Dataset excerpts
^^^^
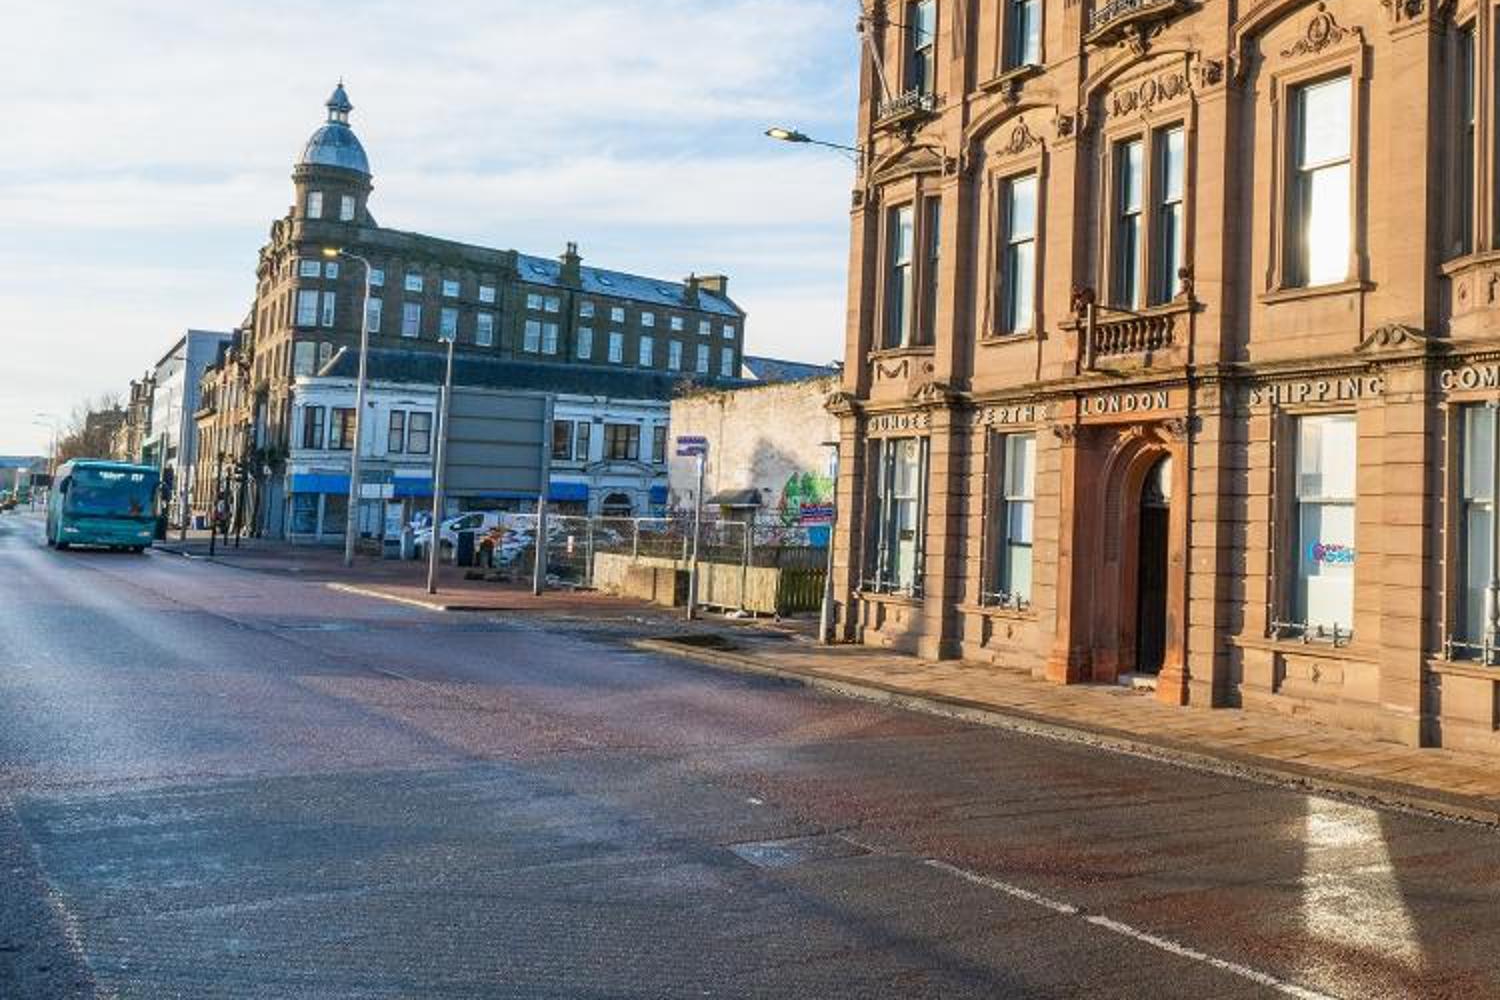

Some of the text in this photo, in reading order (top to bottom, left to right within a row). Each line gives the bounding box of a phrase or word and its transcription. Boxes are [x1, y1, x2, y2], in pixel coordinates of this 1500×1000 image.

[973, 405, 1035, 425] PERTH
[1079, 390, 1169, 417] LONDON
[1249, 376, 1385, 407] SHIPPING
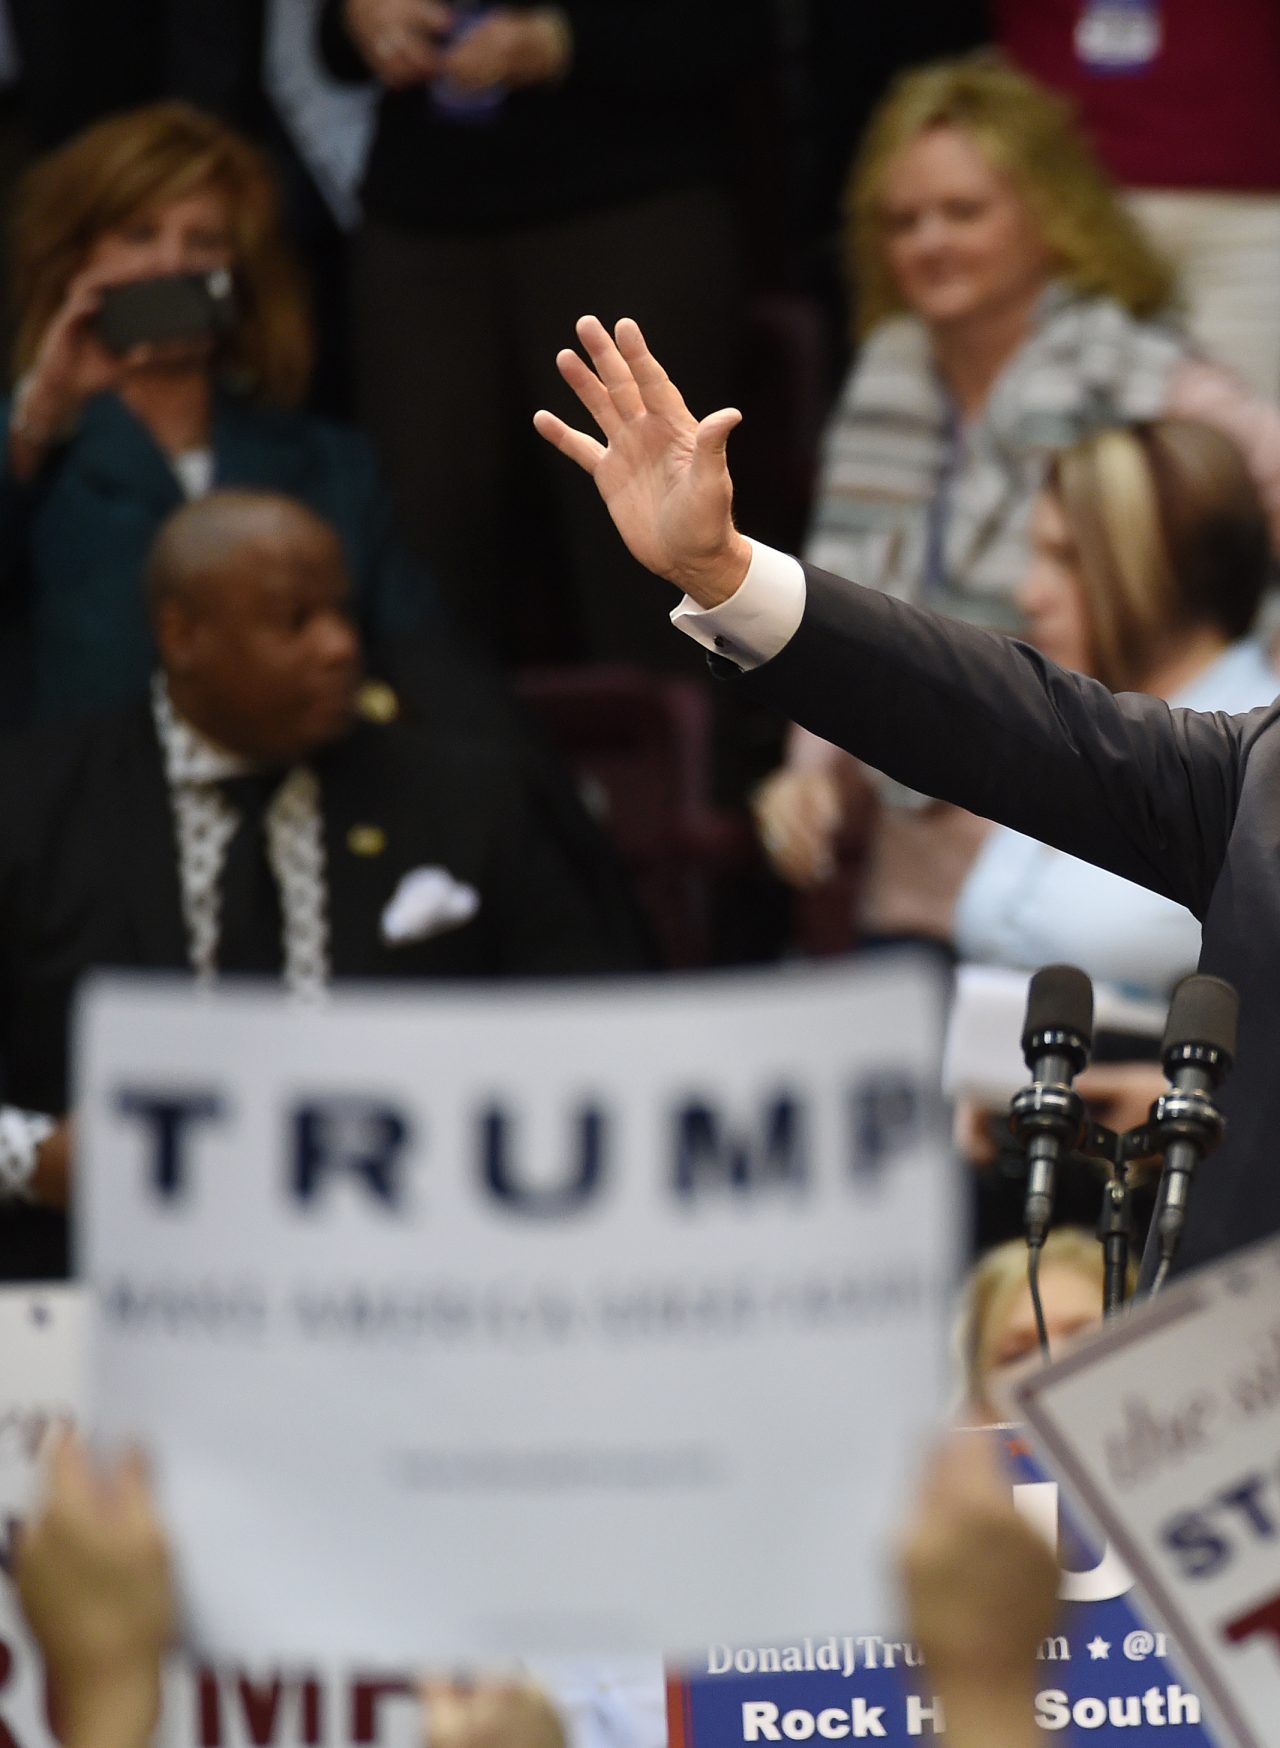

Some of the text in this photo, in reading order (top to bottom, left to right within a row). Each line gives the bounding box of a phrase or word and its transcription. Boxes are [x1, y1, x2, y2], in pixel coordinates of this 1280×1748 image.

[112, 1072, 922, 1226] TRUMP
[742, 1697, 888, 1742] Rock
[1034, 1684, 1201, 1730] South
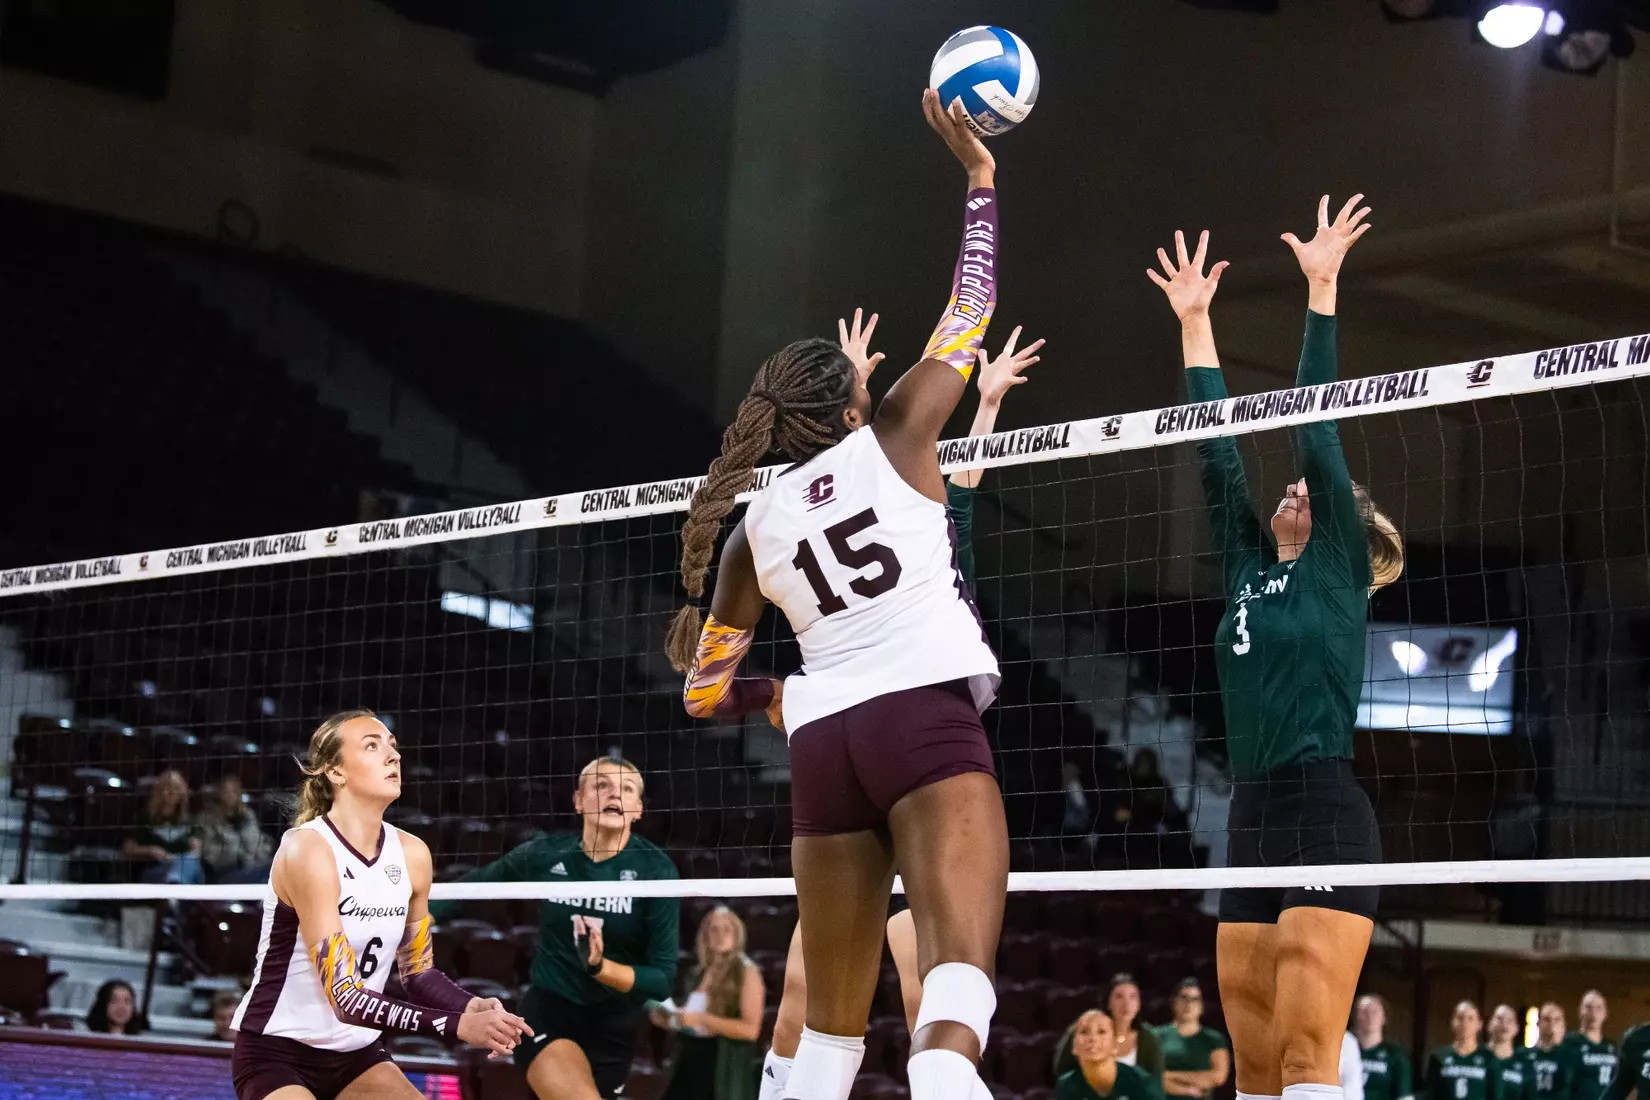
^^^^
■ Task details ■
Down to the last line, return the entries above exactly, with no pictures.

■ Output for this exercise ■
Some of the text in this photo, in reading order (top to bottom, left to right within a row). Each line gives the bounding box of a phrase or word and its transcription. Boxes are [x1, y1, x2, y2], in pixel coordinates of this 1500×1000 image.

[973, 405, 1035, 425] PERTH
[1079, 390, 1169, 417] LONDON
[1249, 376, 1385, 407] SHIPPING

Some of the text in this photo, in reading order (top to bottom, left to right within a row). Each line gives the bounding box of a phrase or word and its transcription. Boxes are [x1, y1, x2, y2], in pixel coordinates of this 1280×1748 image.

[112, 1072, 922, 1226] TRUMP
[742, 1697, 888, 1742] Rock
[1034, 1684, 1201, 1730] South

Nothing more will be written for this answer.